Harvard Engineers have created a ground-breaking lens. This new single ‘metalens’ can focus all colours of the rainbow in one point opening up new possibilities for virtual and augmented reality technology.

The team of researchers from Harvard John A. Paulson School of Engineering and Applied Sciences (SEAS) have called the new technology a ‘metalens’; in a world first, this single lens is able to focus the visible spectrum of light (including white light) onto the same spot in high resolution

It works by using an array of titanium dioxide nanofins. This allows the material to equally focus wavelengths and eliminate chromatic aberration (the effect produced when different wavelengths of light refract through slightly different angles, resulting in a failure to focus).

What are Metalenses

The team have defined their metalens as ‘flat surfaces that use nanostructures to focus light’.
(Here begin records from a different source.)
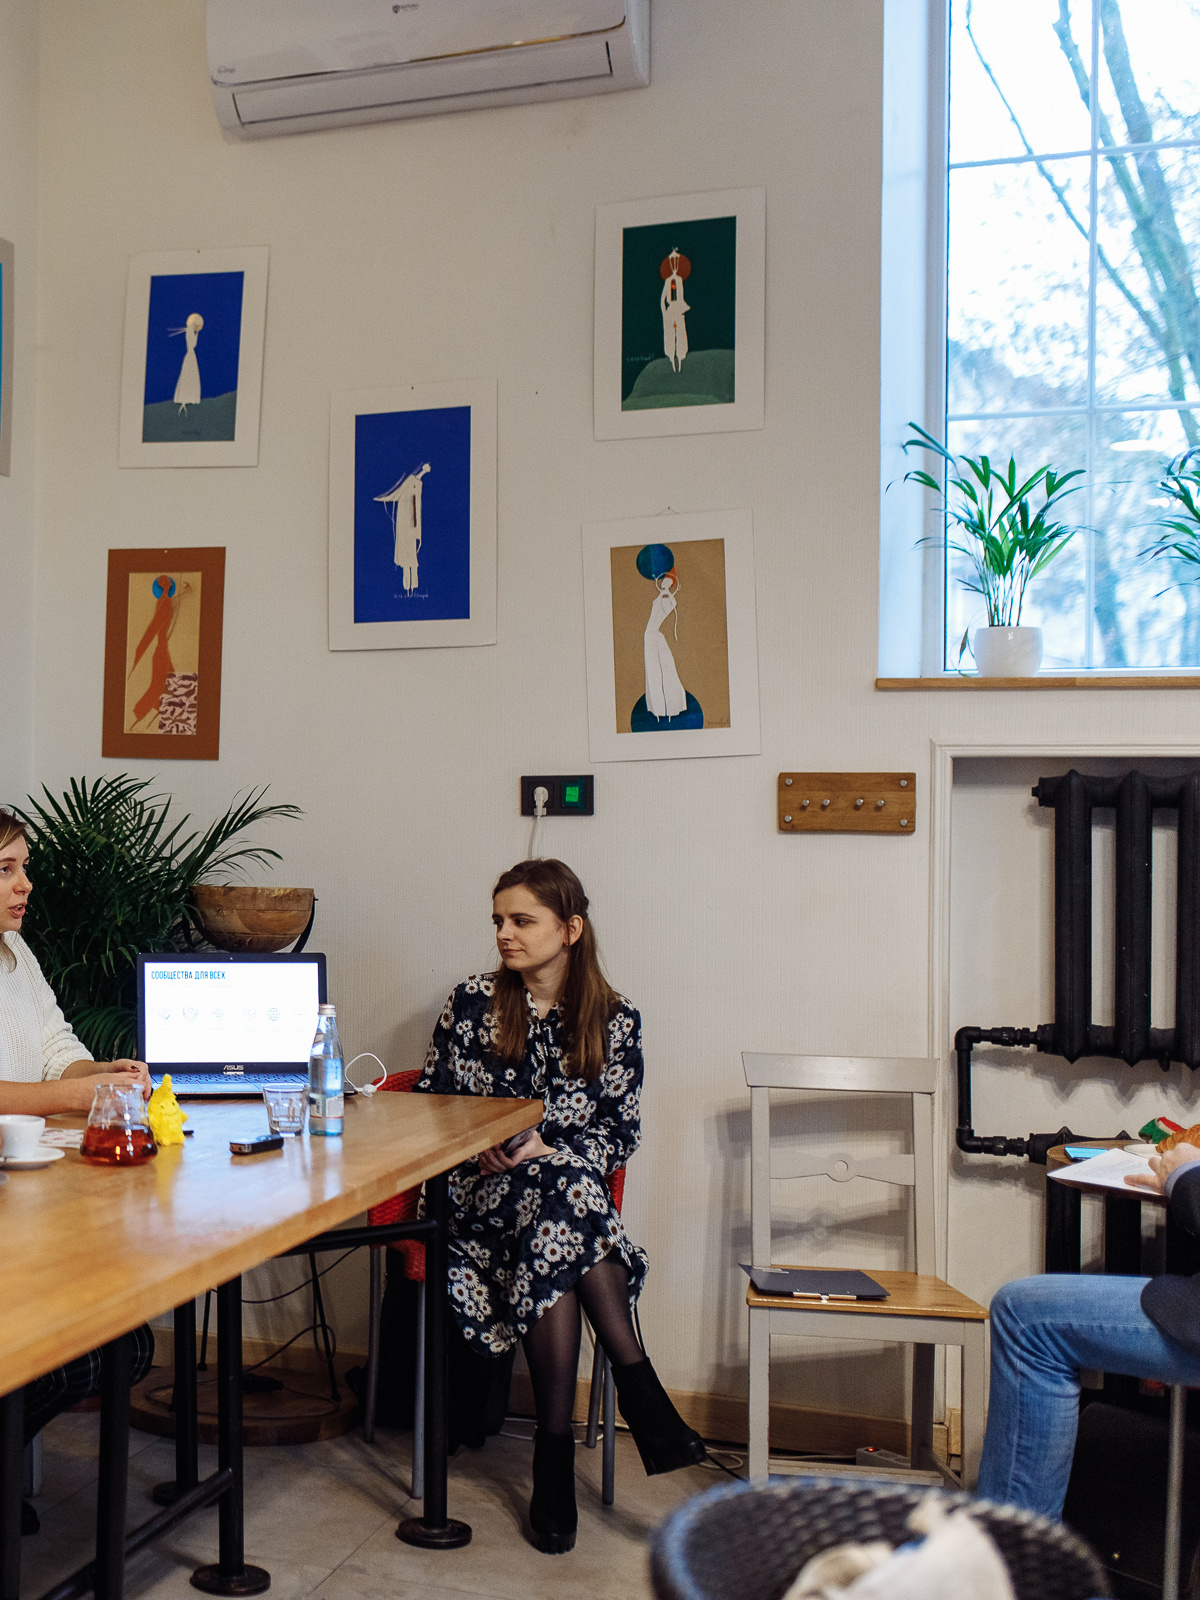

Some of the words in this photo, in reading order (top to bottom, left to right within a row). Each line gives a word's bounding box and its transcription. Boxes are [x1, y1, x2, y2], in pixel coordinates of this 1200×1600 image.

[151, 970, 193, 980] СООБЩЕСТВА
[194, 970, 209, 980] ДЛЯ
[209, 970, 226, 980] ВСЕХ
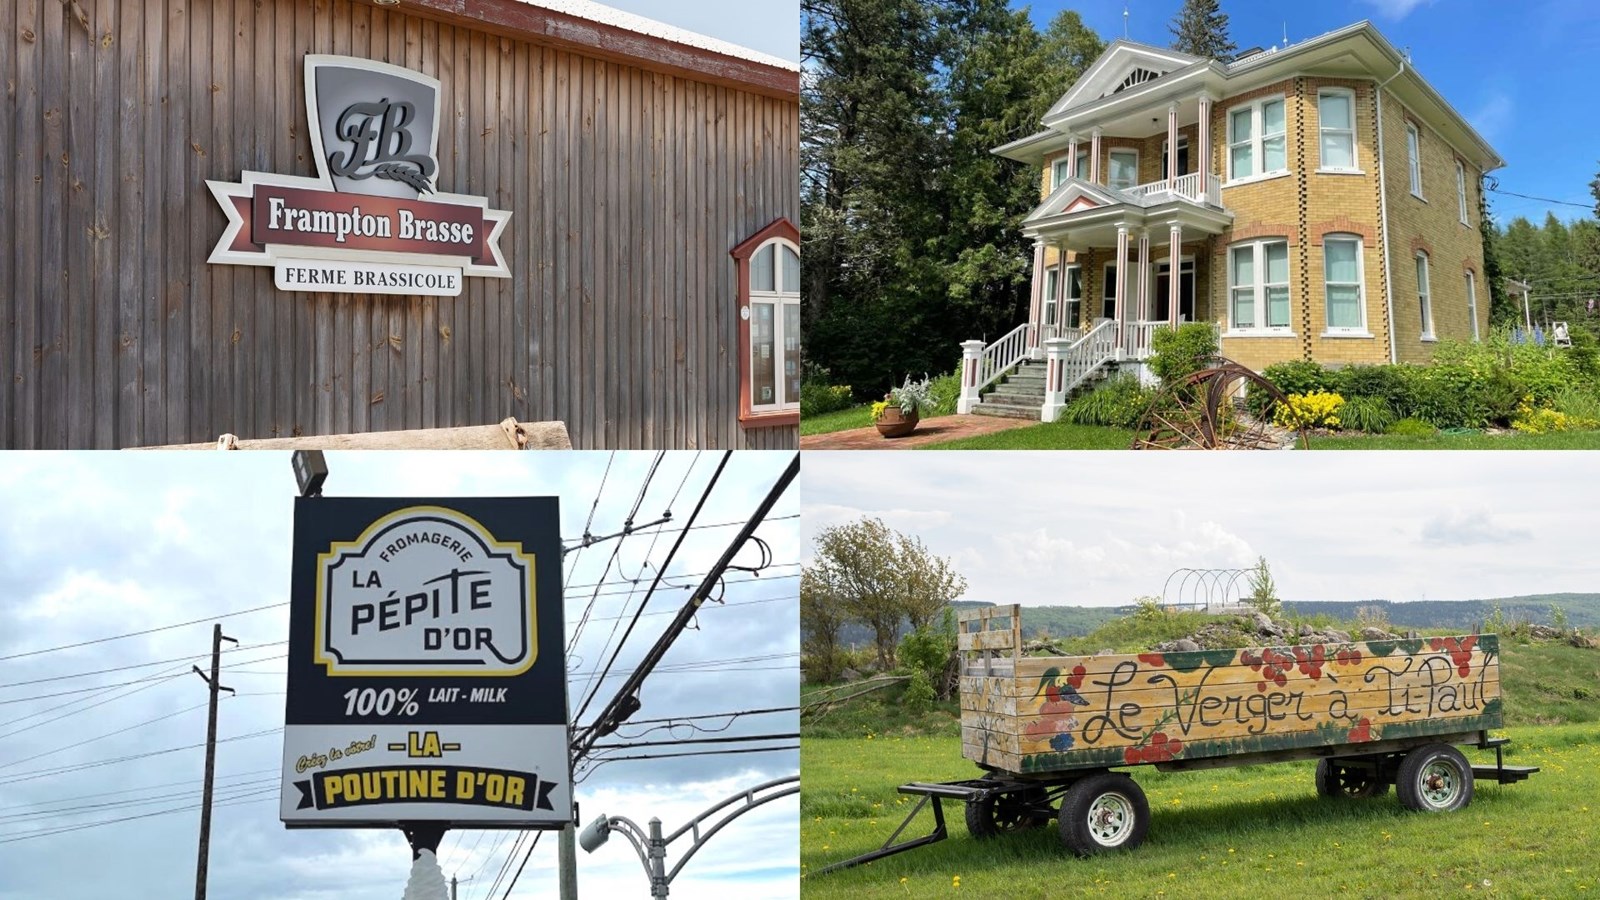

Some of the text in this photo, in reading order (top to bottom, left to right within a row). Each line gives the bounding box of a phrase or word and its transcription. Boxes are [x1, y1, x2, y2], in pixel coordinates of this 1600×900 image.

[268, 197, 474, 245] Frampton Brasse
[285, 267, 456, 289] FERME BRASSICOLE
[379, 531, 473, 563] FROMAGERIE
[352, 570, 382, 588] LA
[351, 568, 493, 636] PÉPITE
[424, 627, 493, 651] D'OR
[343, 687, 419, 716] 100%
[428, 687, 460, 703] LAIT
[470, 687, 508, 703] MILK
[1082, 648, 1496, 744] Le Verger à Ti-Paul
[296, 752, 328, 774] Créez
[329, 747, 343, 761] la
[323, 770, 526, 806] POUTINE D'OR
Applications for Metalenses

The team believes that Metalenses could completely revolutionise optics by replacing traditional bulky and curved lenses with a flat surface.
Up to now, metalenses have remained limited in the spectrum of light they can focus well. This has limited their use in applications that would require a full range of light like Augmented Reality and Virtual Reality.
The teams’ new single lens can not only focus the entire visible spectrum of light but do so in high resolution. Something previously only achieved using multiple lenses.

Chromatic Aberrations – Why has focusing the visible spectrum is so challenging

Focusing the all the colours of the spectrum has been a challenge up to now because wavelengths of light move through materials at different speeds.
For example – red wavelengths move through glass faster than blue. This means each colour reaches the same location on an image sensor at different times so the image does not correctly focus. The resulting distortions are called chromatic aberrations.
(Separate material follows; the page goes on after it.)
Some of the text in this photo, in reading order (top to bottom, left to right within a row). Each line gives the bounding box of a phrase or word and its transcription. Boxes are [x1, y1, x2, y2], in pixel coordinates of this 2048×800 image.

One of the most significant challenges in designing an achromatic broadband lens is making sure that the outgoing wavelengths from all the different points of the metalens arrive at the focal point at the same time … by combining two nanofins into one element, we can tune the speed of light in the nanostructured material, to ensure that all wavelengths in the visible are focused in the same spot, using a single metalens. This dramatically reduces thickness and design complexity compared to composite standard achromatic lenses Wei Ting Chen, a postdoctoral fellow at SEAS and first author of the paper

Up to now, cameras and optical instruments engineers have been forced to use multiple curved lenses to correct these aberrations,.
The use of multiple lenses – each of which will often have different thicknesses and are frequently made from different materials – adds to the weight and bulk of a modern lens.

What next


The goal of the team now is to scale up the lens (which is only around 1cm in diameter). A larger lens will allow for a new host of new possible applications in virtual and augmented reality.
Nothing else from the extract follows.